Tatsächlich ist es nicht möglich, von den Daten der MDK Rückschlüsse auf die Wahrscheinlichkeit von Komplikationen bei bestimmten Erkrankungen zu ziehen. Zwar hält der Dienst fest, bei welchen Krankheiten die meisten Fehler entdeckt worden sind (siehe Grafik), doch fehlen die Daten über die gesamte Anzahl der Behandlungen in Deutschland.

Doch schon ein kleiner Vergleich macht deutlich, dass es so schlecht gar nicht um die medizinische Qualität steht: Denn im vergangenen Jahr hat es um die 18 Millionen Krankenhausbehandlungen gegeben.
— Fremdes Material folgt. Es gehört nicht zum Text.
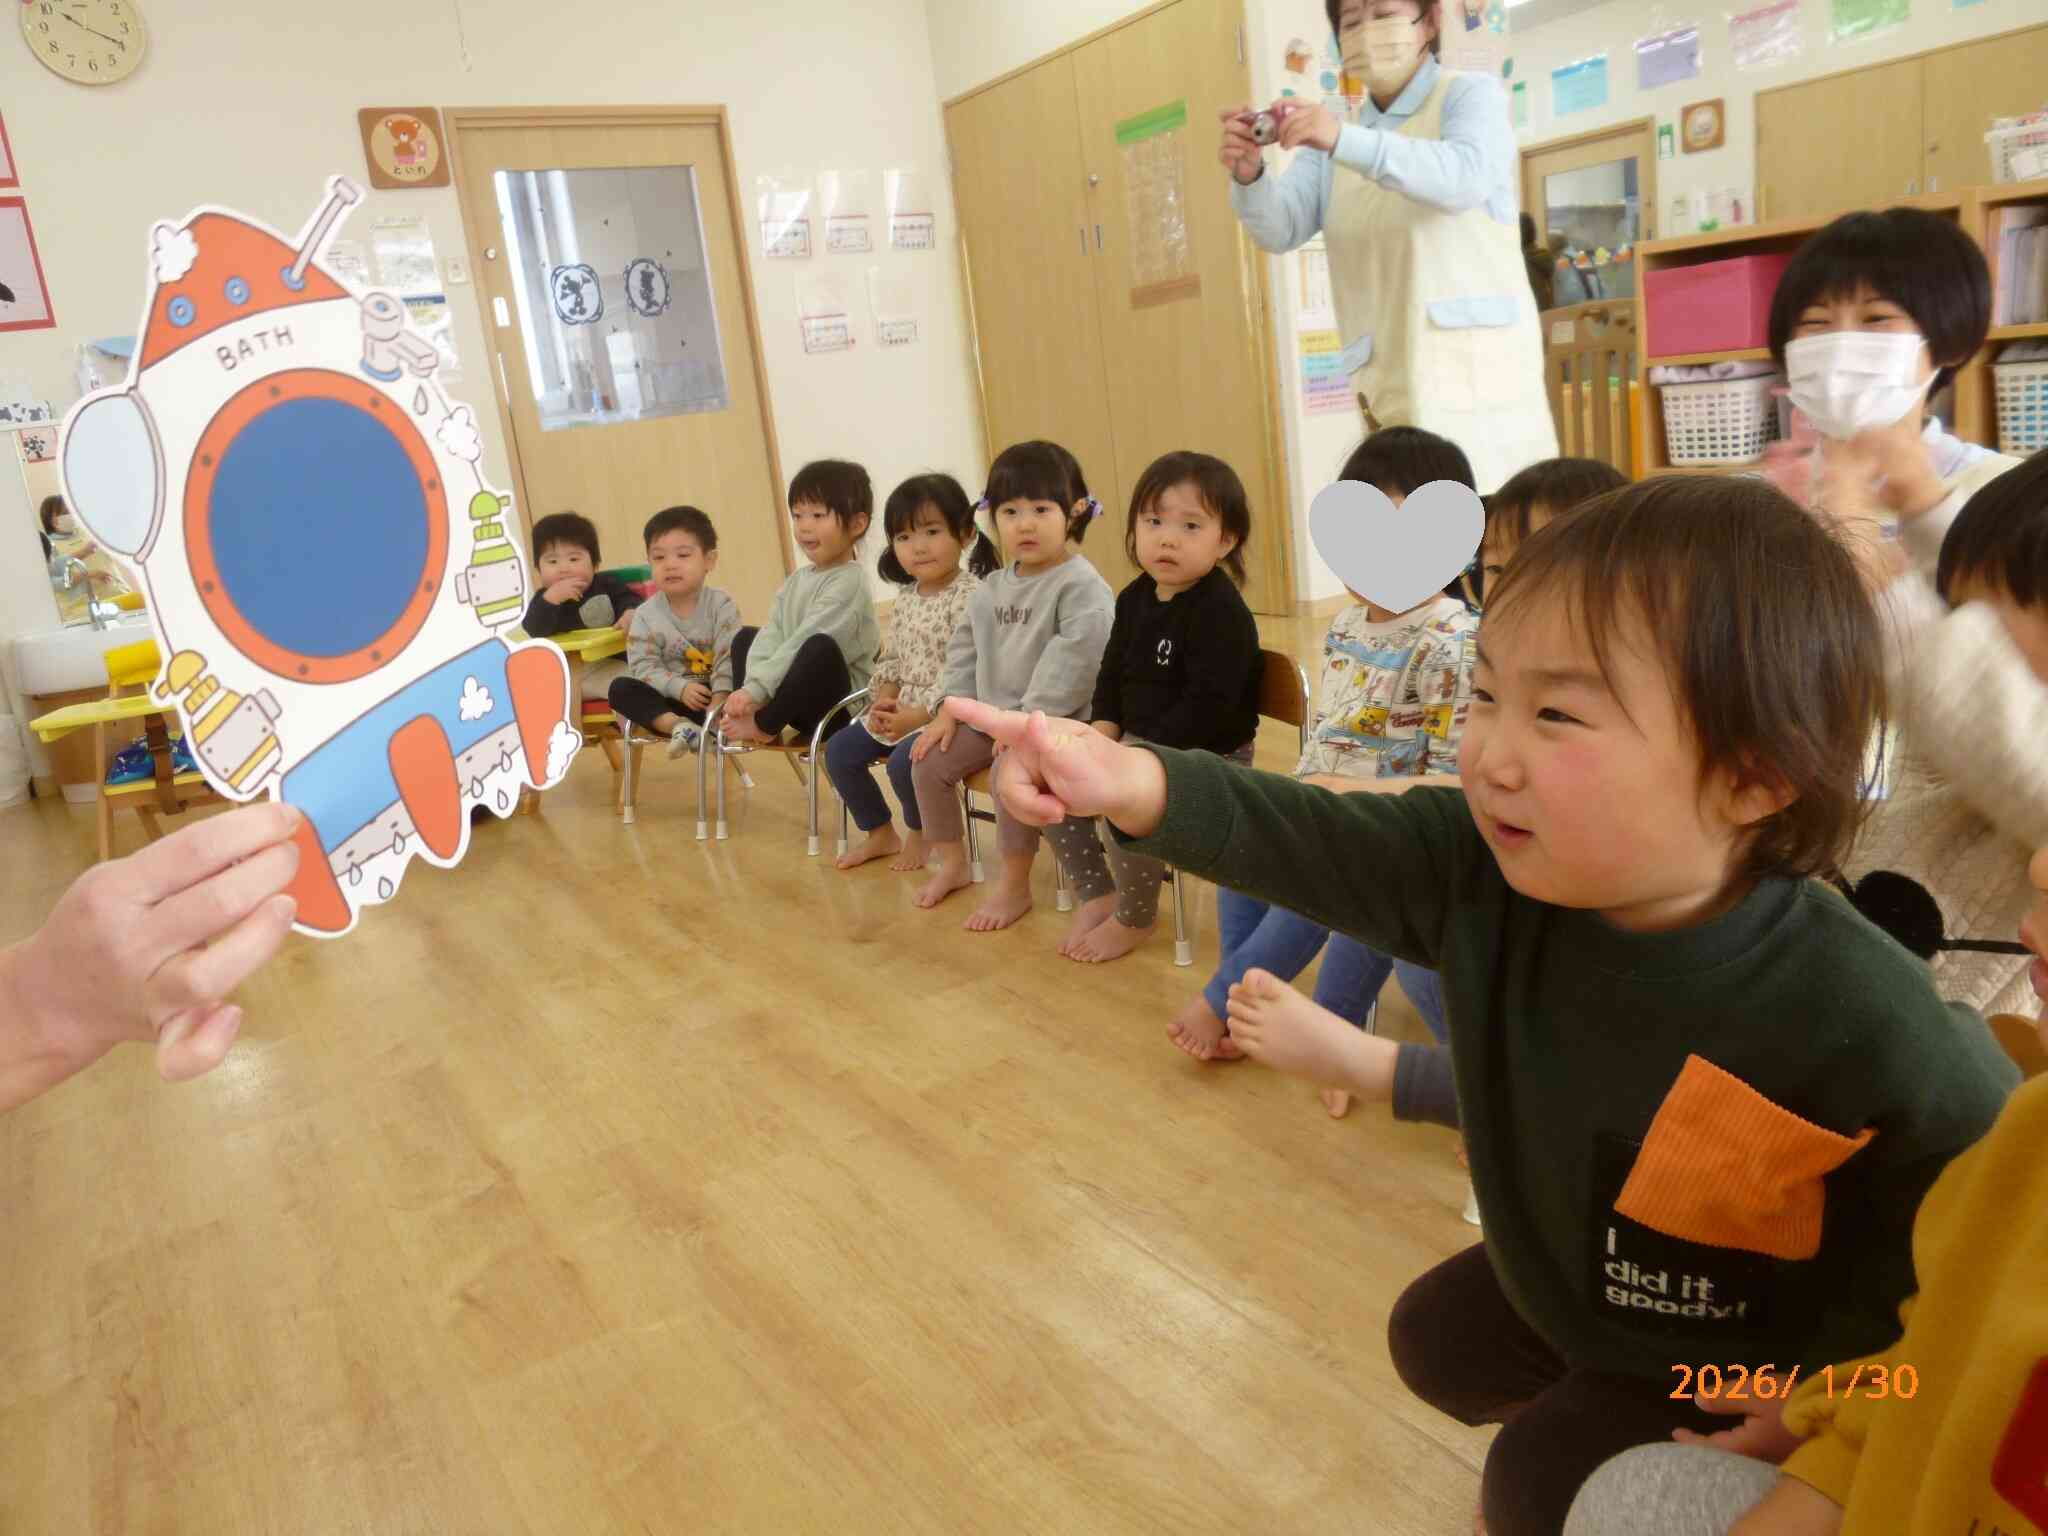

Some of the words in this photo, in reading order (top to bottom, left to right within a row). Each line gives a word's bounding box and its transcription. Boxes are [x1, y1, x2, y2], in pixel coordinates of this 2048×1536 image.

Setzt man diese Zahl in Relation zu den in Kliniken bestätigten Fehlern (etwa 2550 Fälle), so erkennt man, dass sie sich im Promillebereich bewegt.

"Patienten wenden sich an den Dienst, wenn sie mit dem Ergebnis einer Behandlung unzufrieden sind", erklärt eine Sprecherin des MDK. Fachärzte, die als Gutachter für den Dienst arbeiten, entscheiden darüber, ob ein Behandlungsfehler vorliegt oder nicht.

"Wichtig ist, dass die Patienten bei einem vermuteten Schadensfall nicht alleingelassen werden", sagt Andreas Crusius, Vorsitzender der Ständigen Konferenz der Gutachterkommissionen und Schlichtungsstellen der deutschen Ärzteschaft. Auch dieser Gutachter-Stelle wurden im vergangenen Jahr mehr als 12 000 Beschwerden vorgelegt. Hier bestätigten sich allerdings nur 2287 Behandlungsfehler.

Um die Zahl der Fehler weiter zu senken, gibt es diverse Instrumente seitens der Ärzteschaft und der Bundesregierung. So soll im neuen Patientenrechtgesetz die Position der Patienten bei Behandlungsfehlern gestärkt werden, indem die Beweislast bei bestimmten Fällen umgekehrt wird. Nicht mehr der Patient, sondern der behandelnde Arzt muss dann beweisen, dass er nicht wusste, dass Schäden durch den Fehler auftreten können. Die Kassenärztliche Bundesvereinigung setzt auf ein freiwilliges Meldesystem: "Ärzte können Beinah-Fehler melden, damit andere davon profitieren", erklärt ein Sprecher. Dies soll Fehlern vorbeugen, indem Kollegen von Kollegen lernen. Ob Unachtsamkeiten wie ein verschluckter Beißring auf diese Weise vermieden werden können, darüber lässt sich diskutieren.